The image recognition module is used for receiving the image information output by the photographing module, marking the outline of the scissor in the image as an effective area by marking the edge of the image as a mark point, taking the mark point as an origin as a plane rectangular coordinate system, calculating the length, width and coordinates of the scissor according to the range of the pixel point of the image information occupied by the effective area, and outputting the length, width and coordinates of the scissor; the image recognition module is also used for carrying out pixel aggregation on pixel points in the image information to obtain characteristic points, obtaining front and back information of the scissor legs according to the difference of the characteristic points, and outputting the front and back information of the scissor legs; the image recognition module selects Intel Kui 7 12700KF, receives and processes the image information output by the photographic module, can use the Windows10 operating system to create a PC platform application program, adopts python and C++ to carry out algorithm programming, and can develop a language recognition function recognition voice so as to improve the possibility of remote operation of operators; as shown in fig. 20, the pixel value of the image information is 1024×768. The 1024×768 base pixel value is selected because the resolution is comfortable for eyes of people, the display screen cannot shake, and the display meeting the resolution is low in price and can meet the use requirement, so that the cost is saved as a whole; the feature points are that in the image information, at least 140 more pixels are arranged on the front side of the scissor leg than on the back side of the scissor leg. The front surface of the scissor leg and the back surface of the scissor leg have different characteristics, all the pixels formed in the image information are displayed to form different characteristics, and the front surface and the back surface of the scissor leg are distinguished by judging the difference of the pixels.
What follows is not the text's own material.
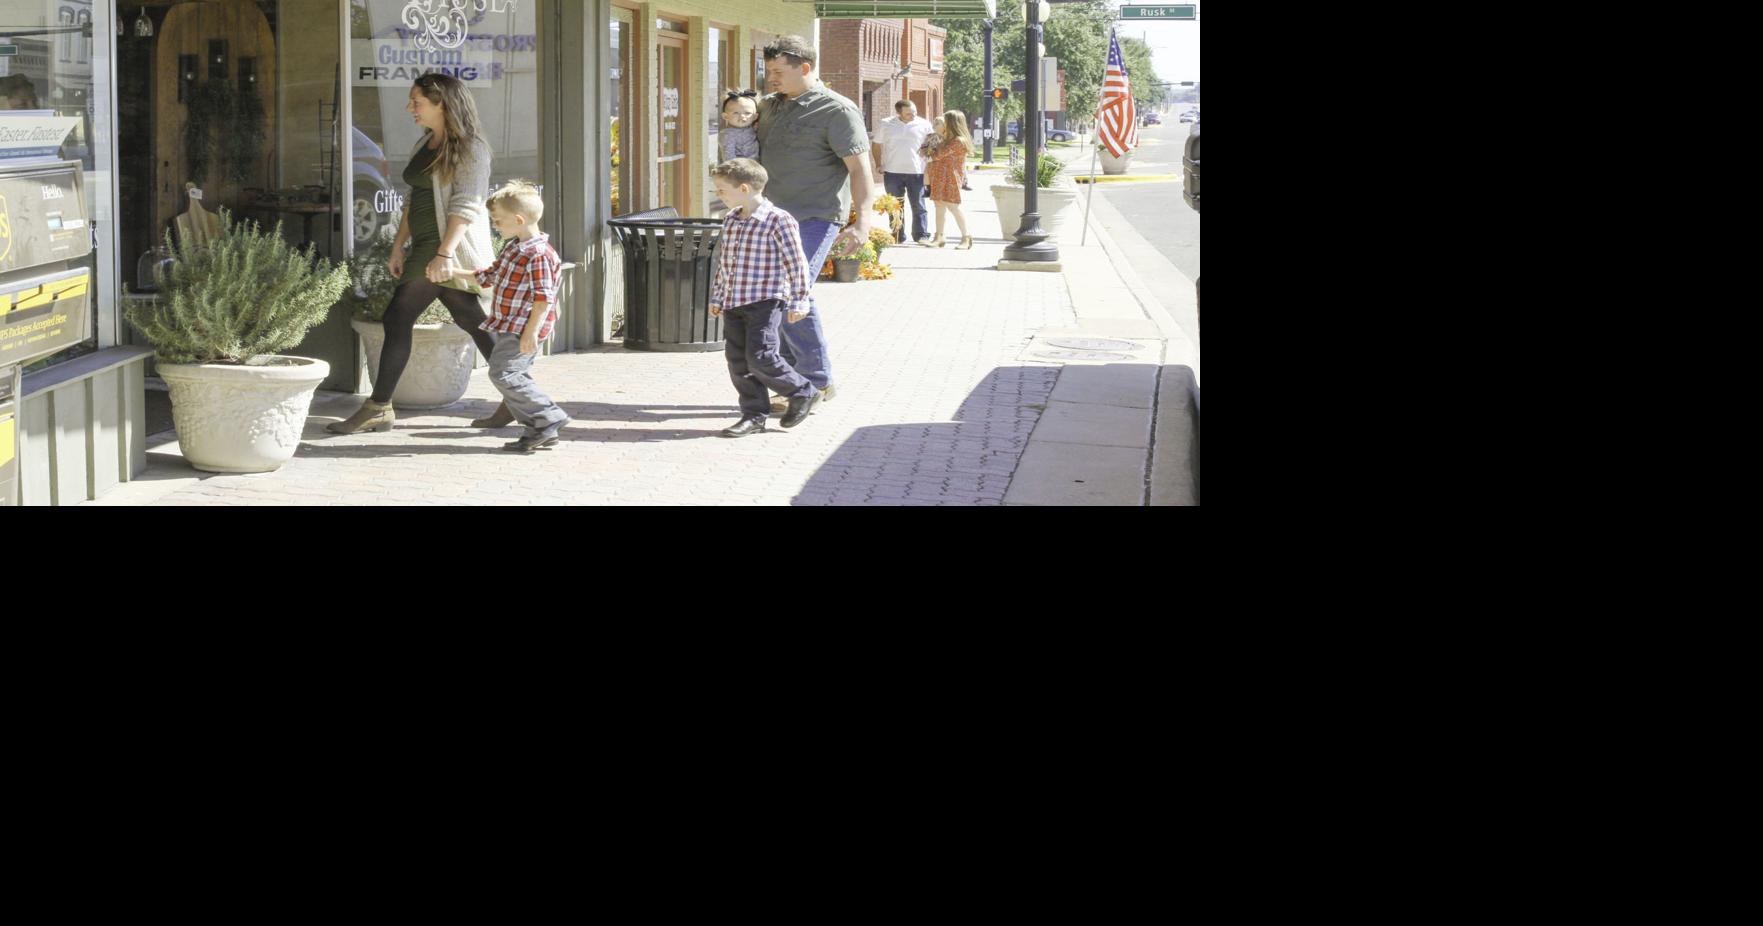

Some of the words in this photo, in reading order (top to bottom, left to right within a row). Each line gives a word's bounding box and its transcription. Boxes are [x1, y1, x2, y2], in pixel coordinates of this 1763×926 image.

The measuring module is used for receiving the image information output by the photographing module, extracting depth according to the depth data of the image information, calculating the depth value of the scissors foot distance photographing module and outputting the depth value; in the graphics, the depth data is also called a depth image, in which, in three-dimensional computation, the depth image is a distance image in which the information contained in the image is related to the distance between the object surface of the scene and the information contained in the image, and if the change direction of the depth value of the image (the shooting direction of the camera) is the same as the field direction of the scene to be described (the Z direction), it is simpler to describe the whole scene, therefore, the depth image is also called a distance image, the measurement module selects Intel cool i7 12700KF, receives the image information output by the shooting module and performs depth extraction according to the depth data of the image information.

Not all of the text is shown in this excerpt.